In migliaia, organizzatisi autonomamente, si sono mossi da tutta Italia per
raggiungere la capitale. Nessun treno o pullman a disposizione, nessun partito
o sindacato, nessun pezzo di società organizzata. Ragazze e ragazzi, perlopiù
giovanissimi, che non si riconoscono con l'immagine stereotipata dai media del
«drogato» ma che pure sono consapevoli della necessità estrema e urgente di
produrre corretta informazione sulle sostanze stupefacenti. «Libertà di
autolimite», c'era scritto su un cartello. Come a New York e a Gerusalemme,
come a Kiev e a Mosca, come a Toronto, Londra e Parigi, come Atene, Oslo e
Madrid, come Tokyo e Buenos Aires (77 città in Europa e più di 90 negli Usa),
hanno marciato, ballato e bevuto (più acqua che birra, sostenevano dai
camion-bar) per chiedere la fine delle persecuzioni dei consumatori, per
rivendicare il diritto all'autocoltivazione della marijuana - «contro le mafie
e il proibizionismo» - e per protestare contro la guerra cieca e ideologica
alle sostanze stupefacenti che non aiuta a prevenire né l'abuso, né la
tossicodipendenza. Ma la piattaforma mondiale lanciata dal sito statunitense
«Cures not war» rivendica anche la libertà di cura con una pianta le cui
proprietà curative sono ormai riconosciute dalla comunità scientifica
internazionale per malattie come la sclerosi multipla o il glaucoma.

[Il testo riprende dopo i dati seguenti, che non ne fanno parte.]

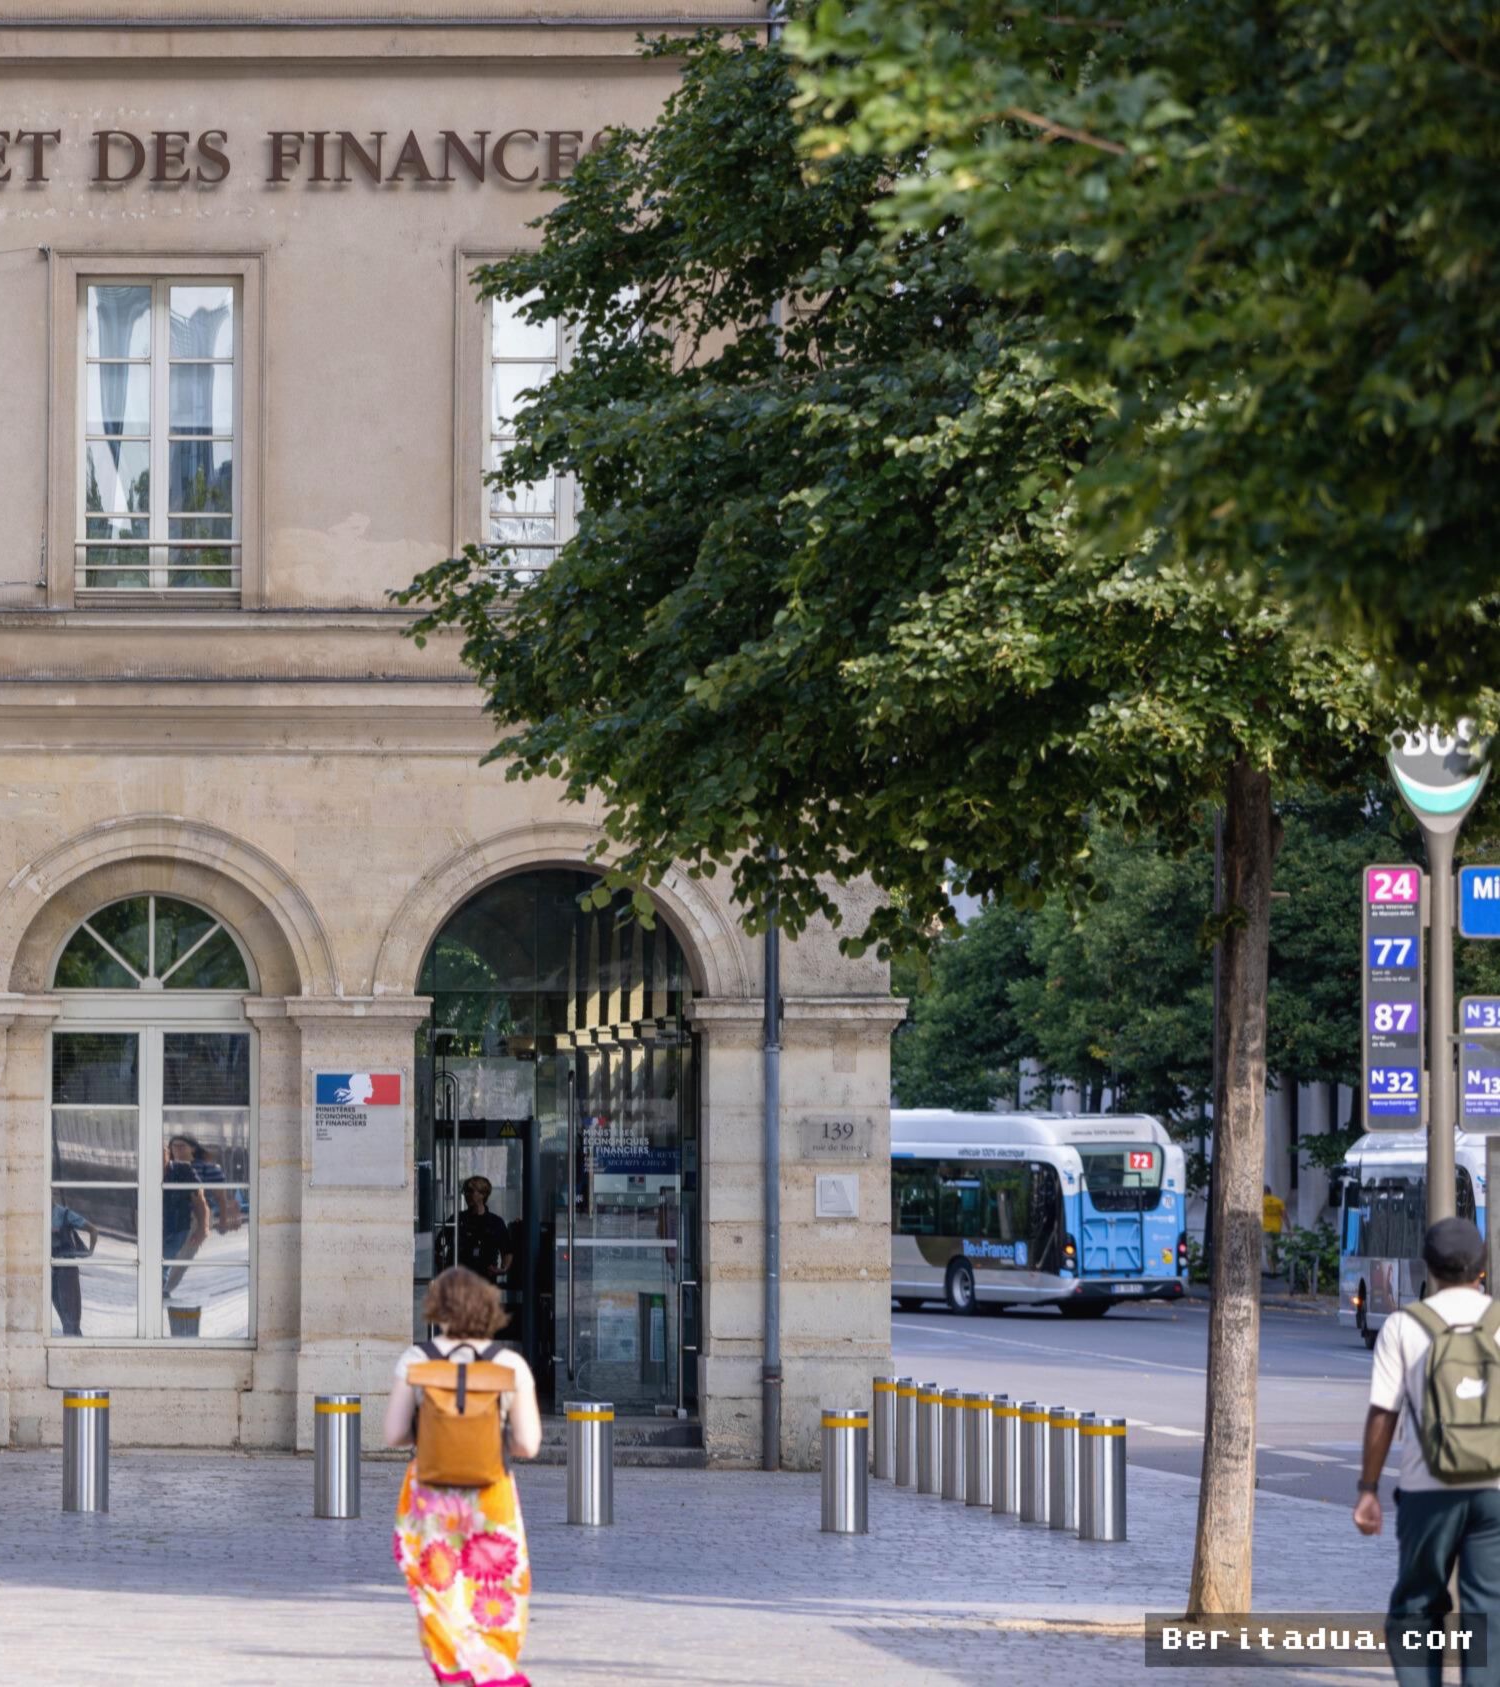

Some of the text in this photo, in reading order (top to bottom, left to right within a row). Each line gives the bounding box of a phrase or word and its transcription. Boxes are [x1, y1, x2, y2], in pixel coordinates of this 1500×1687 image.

[90, 129, 230, 183] DES
[1373, 873, 1414, 900] 24
[1373, 938, 1412, 965] 77
[1374, 1004, 1412, 1031] 87
[822, 1122, 854, 1140] 139
[1133, 1154, 1149, 1168] 72

A Roma però il popolo della Million marijuana march, lo stesso che diede vita
alla manifestazione del 14 aprile scorso e ancora prima a quella del 4 novembre
contro la precarietà sociale, ha chiesto ieri a gran voce la cancellazione
immediata della criminogena legge Fini-Giovanardi, ancora in vigore dopo un
anno di governo di centrosinistra. E «il superamento entro l'anno in chiave non
proibizionista della legge 309/90, come previsto nel programma dell'Unione di
cui esigiamo l'applicazione immediata», racconta Alessandro «Mefisto»
Buccolieri che di questa marcia è il coordinatore italiano. «Una piazza giovane
che pretende il cambiamento collegandosi ad un movimento vastissimo
internazionale, che chiede il conto al governo Prodi e che è doveroso
ascoltare», dice Francesco Piobbichi, responsabile delle
Politiche sociali di Rifondazione, presente ieri alla street romana.

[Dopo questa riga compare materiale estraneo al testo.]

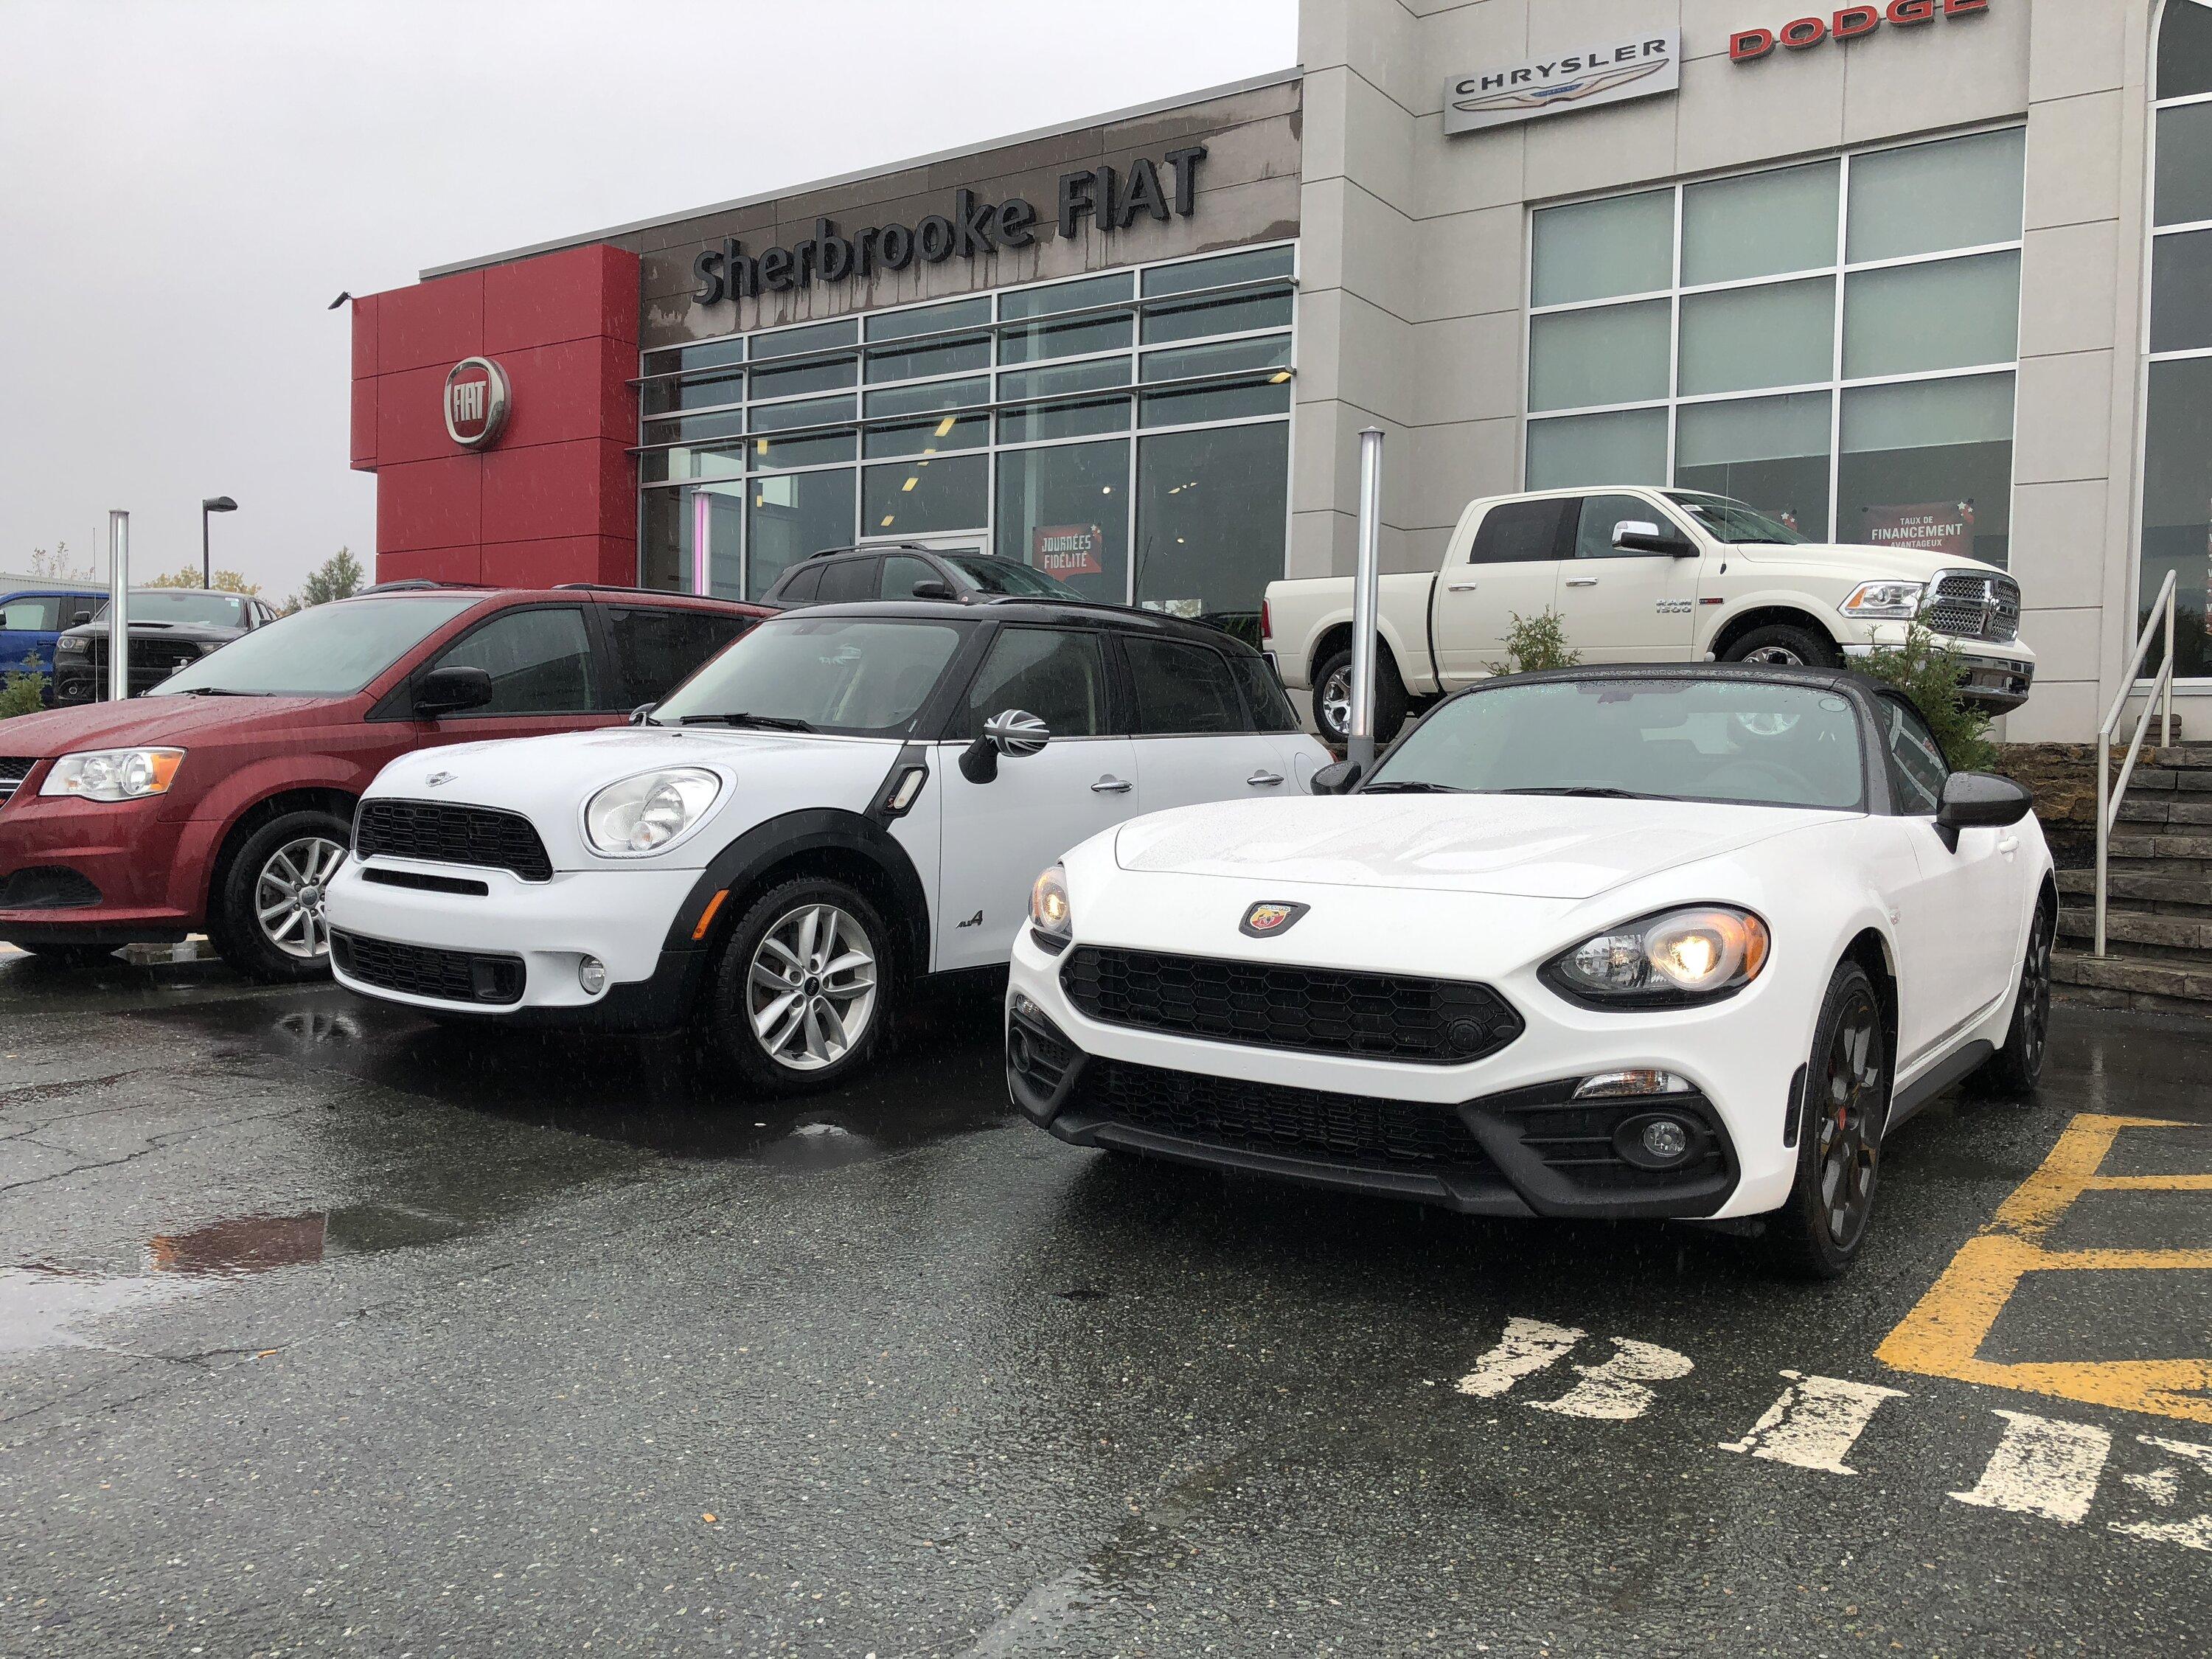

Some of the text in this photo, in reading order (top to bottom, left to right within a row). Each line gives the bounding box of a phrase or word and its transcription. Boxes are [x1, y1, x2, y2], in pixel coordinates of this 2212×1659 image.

[1455, 39, 1666, 95] CHRYSLER
[692, 146, 1207, 305] Sherbrooke FIAT
[453, 380, 487, 422] FIAT
[1899, 517, 1921, 525] TAUX
[1871, 524, 1963, 540] FINANCEMENT
[1041, 533, 1091, 552] JOURNÉES
[1891, 539, 1942, 548] AVANTAGEUX
[1044, 550, 1088, 569] FIDÉLITÉ

«Teniamo presente che negli Usa, dove la marcia nasce sul filo di un'altra
organizzazione, la Norml, che già negli anni '70 chiedeva la legalizzazione
della marijuana, - spiega il sociologo Guido Blumir - ci sono circa un milione
di arresti l'anno per possesso di piccoli quantitativi di cannabis. Allora solo
il 5% degli americani era favorevole alla legalizzazione, oggi sono il 40%. Non
credo che in Italia sia molto diverso». E' giunta l'ora, quindi, che la
politica li ascolti.
Con rispetto.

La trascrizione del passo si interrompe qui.